**Task brief**
Nothing but the records themselves, exactly as written and free of pictures, should appear in your response.

##### Dataset

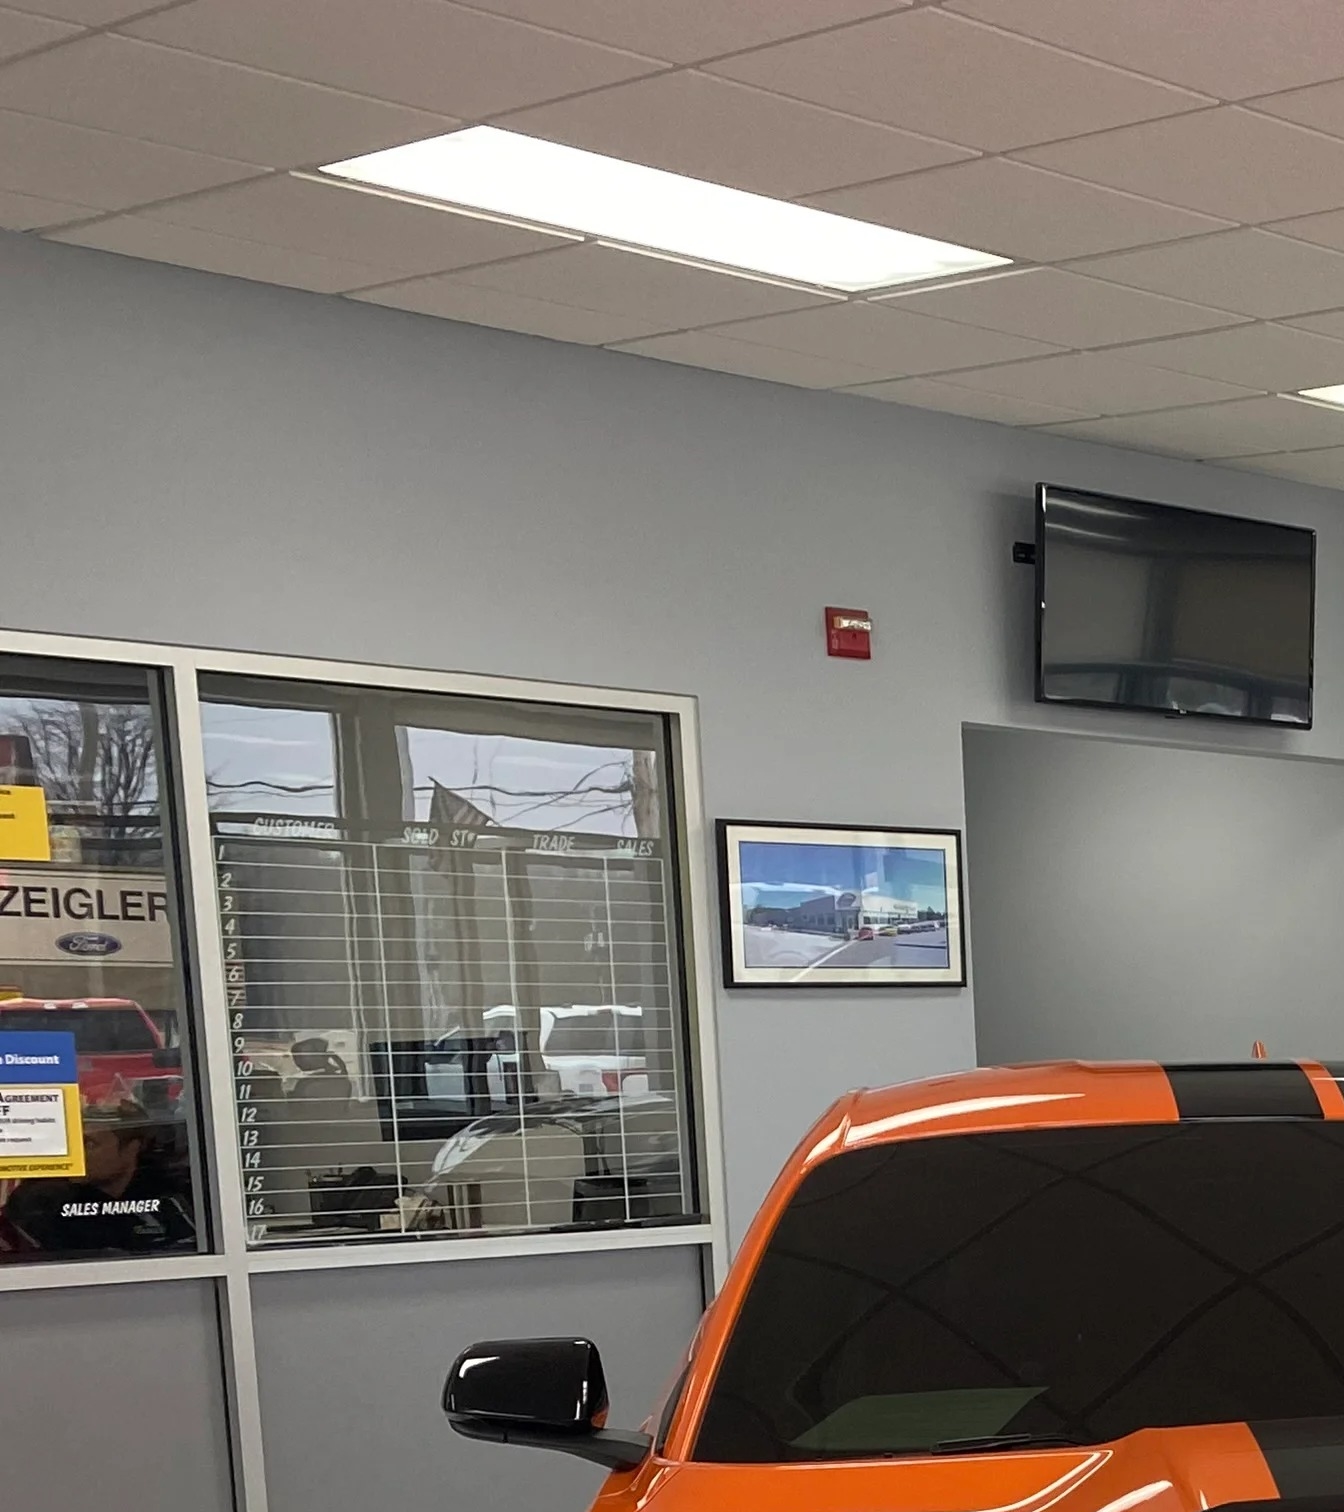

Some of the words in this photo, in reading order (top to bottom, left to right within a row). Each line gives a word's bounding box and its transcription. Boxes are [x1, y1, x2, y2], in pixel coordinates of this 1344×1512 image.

[253, 817, 336, 838] CUSTOMER
[402, 826, 438, 845] SOLD
[532, 833, 576, 851] TRADE
[617, 840, 655, 856] SALES
[218, 844, 225, 860] 1
[220, 873, 232, 887] 2
[0, 886, 168, 921] ZEIGLER
[223, 896, 233, 911] 3
[224, 918, 235, 934] 4
[226, 943, 237, 960] 5
[228, 966, 239, 981] 6
[228, 990, 241, 1006] 7
[232, 1013, 244, 1029] 8
[234, 1037, 245, 1053] 9
[5, 1054, 60, 1065] Discount
[237, 1061, 253, 1076] 10
[239, 1084, 251, 1099] 11
[241, 1107, 257, 1122] 12
[243, 1130, 259, 1146] 13
[245, 1152, 261, 1168] 14
[247, 1176, 264, 1192] 15
[61, 1202, 99, 1217] SALES
[101, 1199, 160, 1215] MANAGER
[249, 1199, 264, 1215] 16
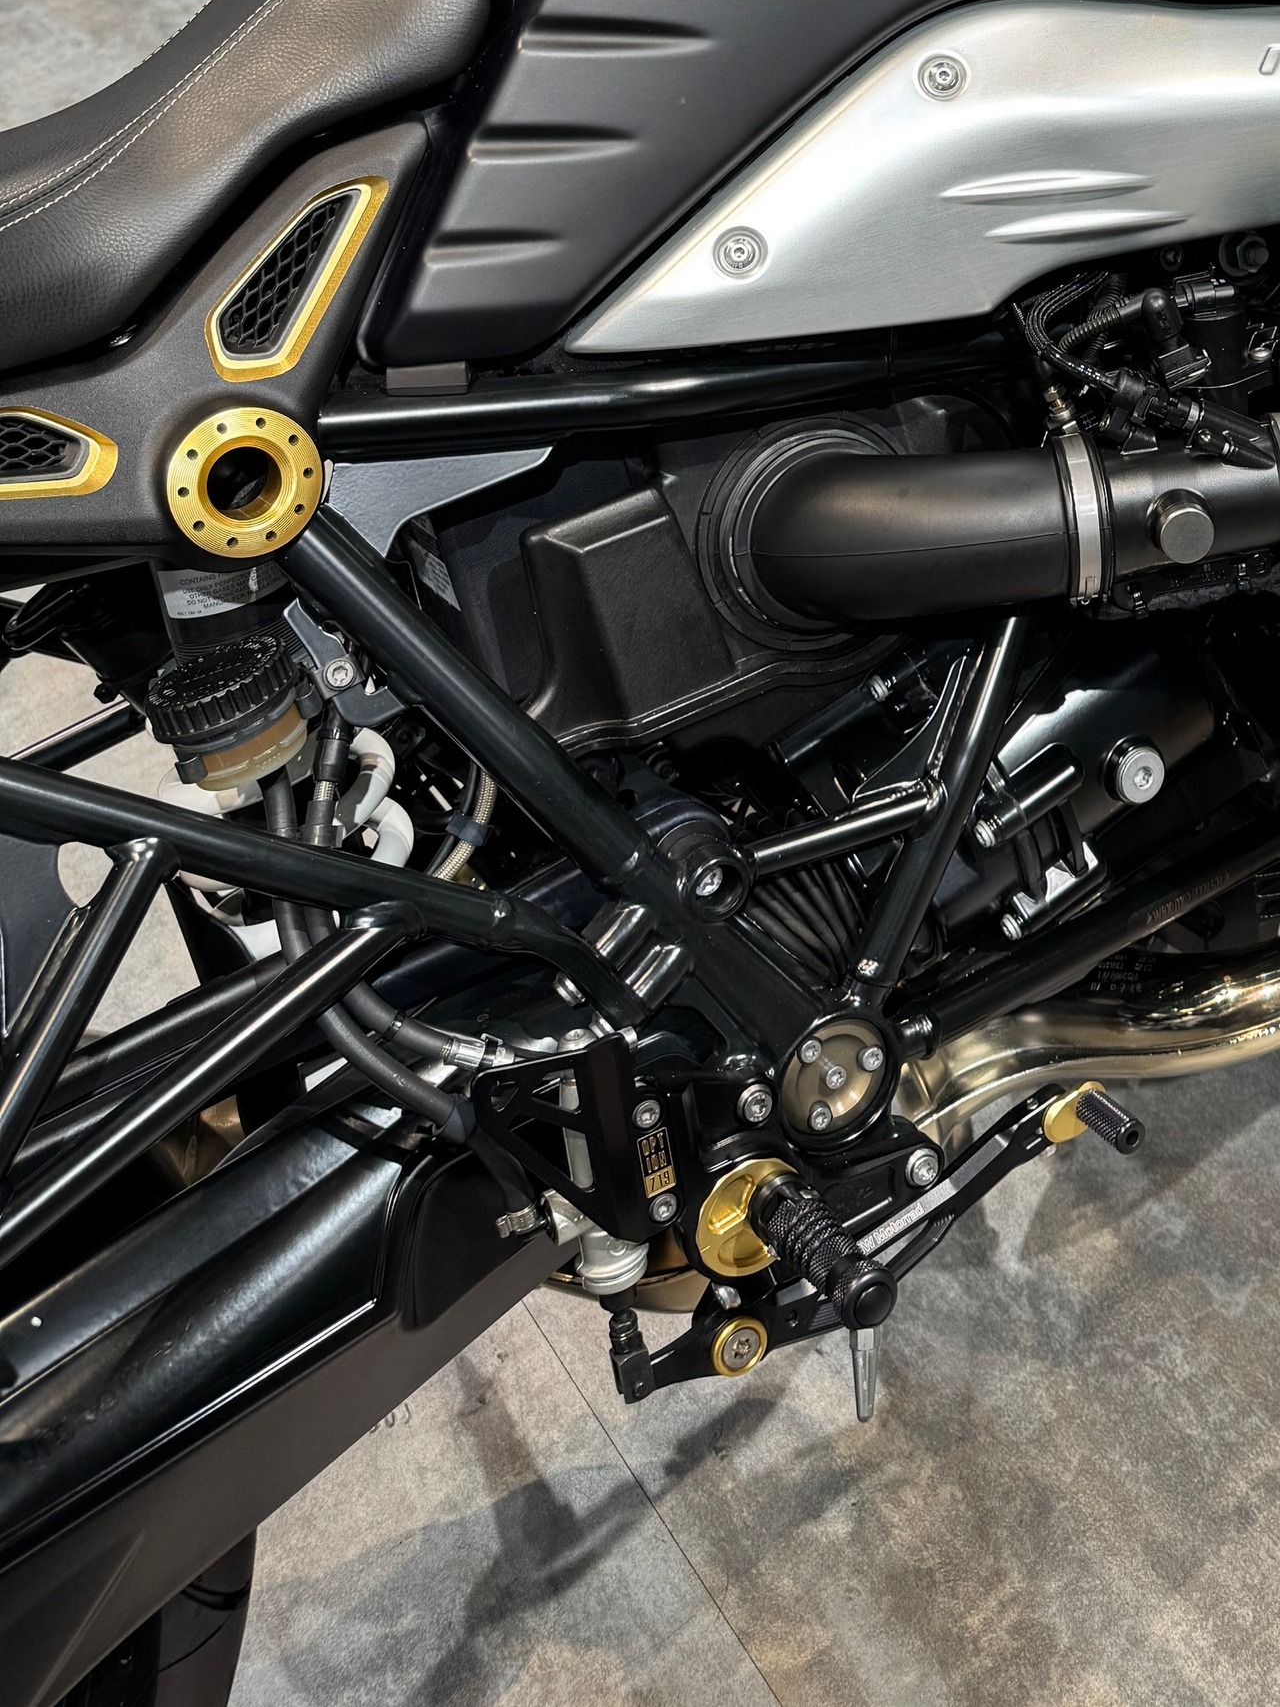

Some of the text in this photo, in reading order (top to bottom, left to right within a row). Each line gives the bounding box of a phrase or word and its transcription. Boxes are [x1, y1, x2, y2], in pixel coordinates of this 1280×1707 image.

[180, 573, 217, 586] CONTAINS
[642, 1131, 664, 1156] OPT
[645, 1150, 667, 1174] ION
[649, 1170, 670, 1192] 719
[876, 1201, 925, 1241] Motorrad
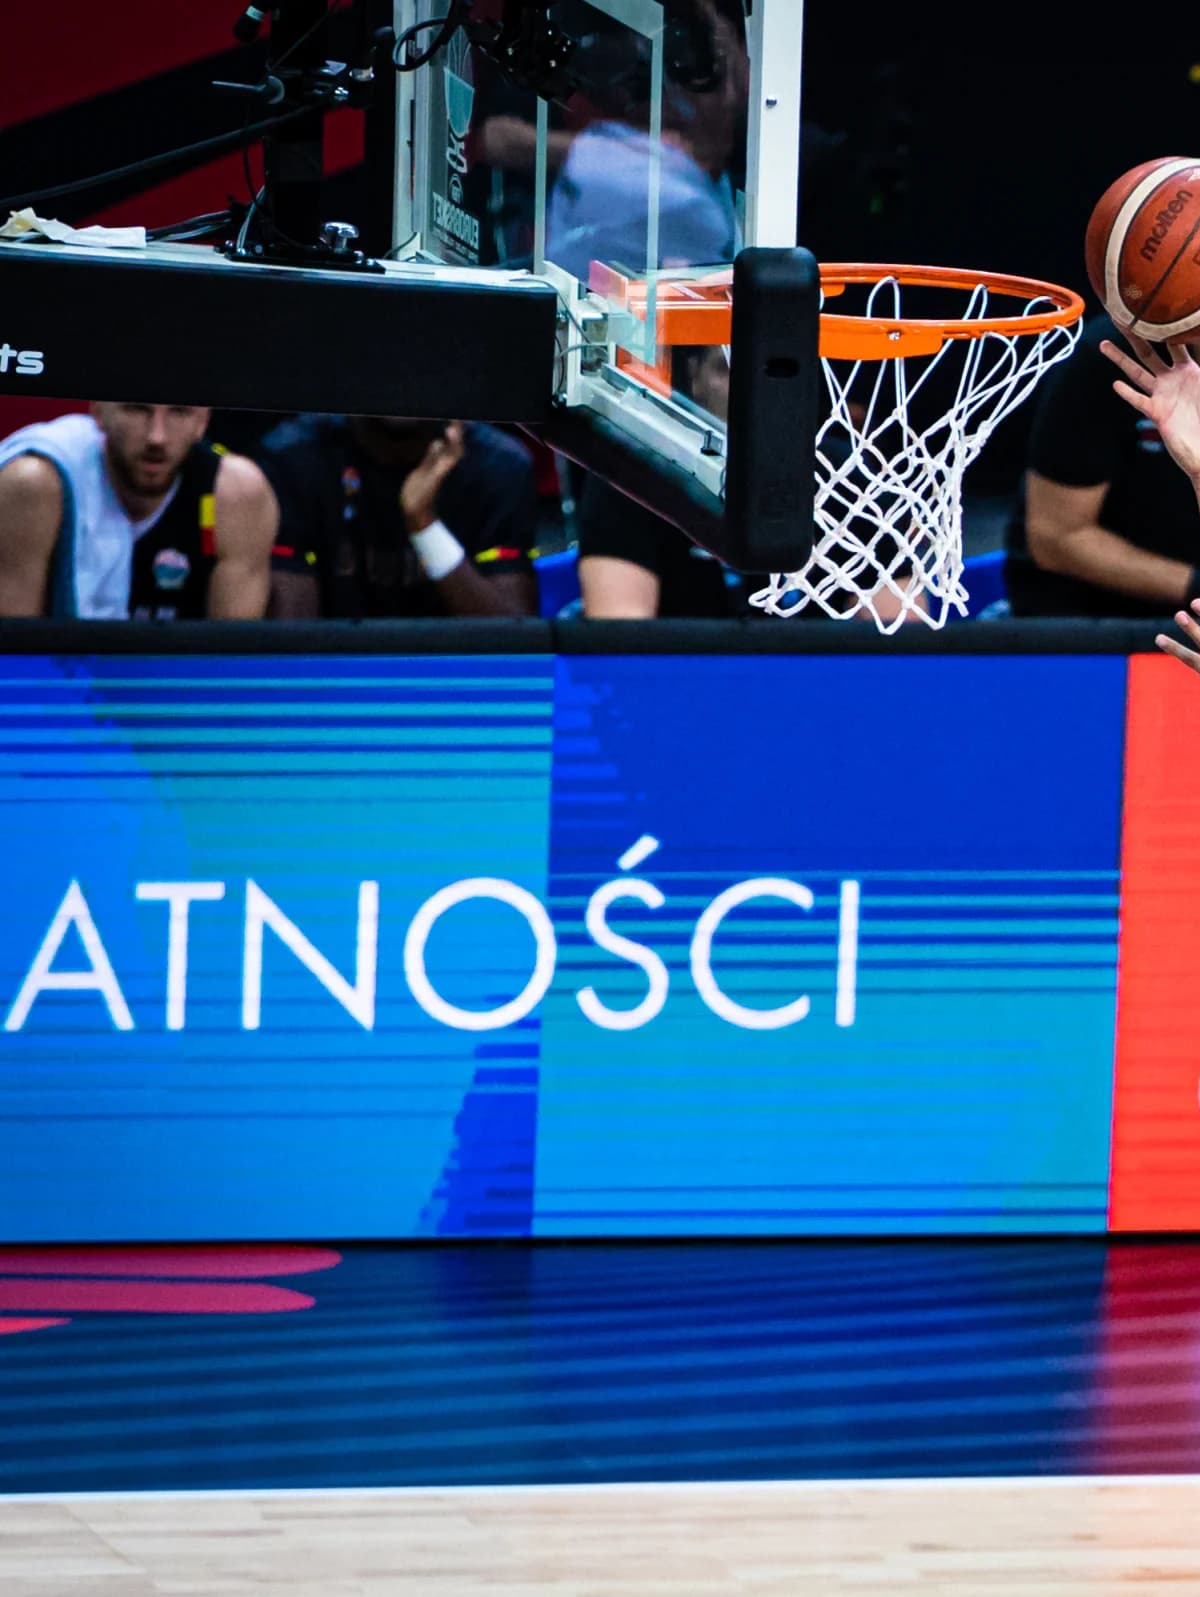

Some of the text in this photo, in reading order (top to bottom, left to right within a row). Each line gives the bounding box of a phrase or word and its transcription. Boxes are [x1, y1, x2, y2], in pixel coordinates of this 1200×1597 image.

##########

**Exercise answer**
Some of the words in this photo, in reading order (top to bottom, left to right within a row). Each line gives a word's bounding box and its transcription. Boxes are [x1, y1, x2, y2], in pixel coordinates of this 1344×1512 image.

[253, 817, 336, 838] CUSTOMER
[402, 826, 438, 845] SOLD
[532, 833, 576, 851] TRADE
[617, 840, 655, 856] SALES
[218, 844, 225, 860] 1
[220, 873, 232, 887] 2
[0, 886, 168, 921] ZEIGLER
[223, 896, 233, 911] 3
[224, 918, 235, 934] 4
[226, 943, 237, 960] 5
[228, 966, 239, 981] 6
[228, 990, 241, 1006] 7
[232, 1013, 244, 1029] 8
[234, 1037, 245, 1053] 9
[5, 1054, 60, 1065] Discount
[237, 1061, 253, 1076] 10
[239, 1084, 251, 1099] 11
[241, 1107, 257, 1122] 12
[243, 1130, 259, 1146] 13
[245, 1152, 261, 1168] 14
[247, 1176, 264, 1192] 15
[61, 1202, 99, 1217] SALES
[101, 1199, 160, 1215] MANAGER
[249, 1199, 264, 1215] 16

Some of the text in this photo, in reading order (top to bottom, left to right within a row). Each line gives the bounding box of a phrase or word and its transcription. Boxes are [x1, y1, x2, y2], in pixel coordinates of this 1280×1707 image.

[180, 573, 217, 586] CONTAINS
[642, 1131, 664, 1156] OPT
[645, 1150, 667, 1174] ION
[649, 1170, 670, 1192] 719
[876, 1201, 925, 1241] Motorrad

Some of the text in this photo, in reading order (top to bottom, left to right within a row). Each line gives the bounding box of a phrase or word and its transcription. Boxes are [x1, y1, x2, y2], in pixel coordinates of this 1200×1597 image.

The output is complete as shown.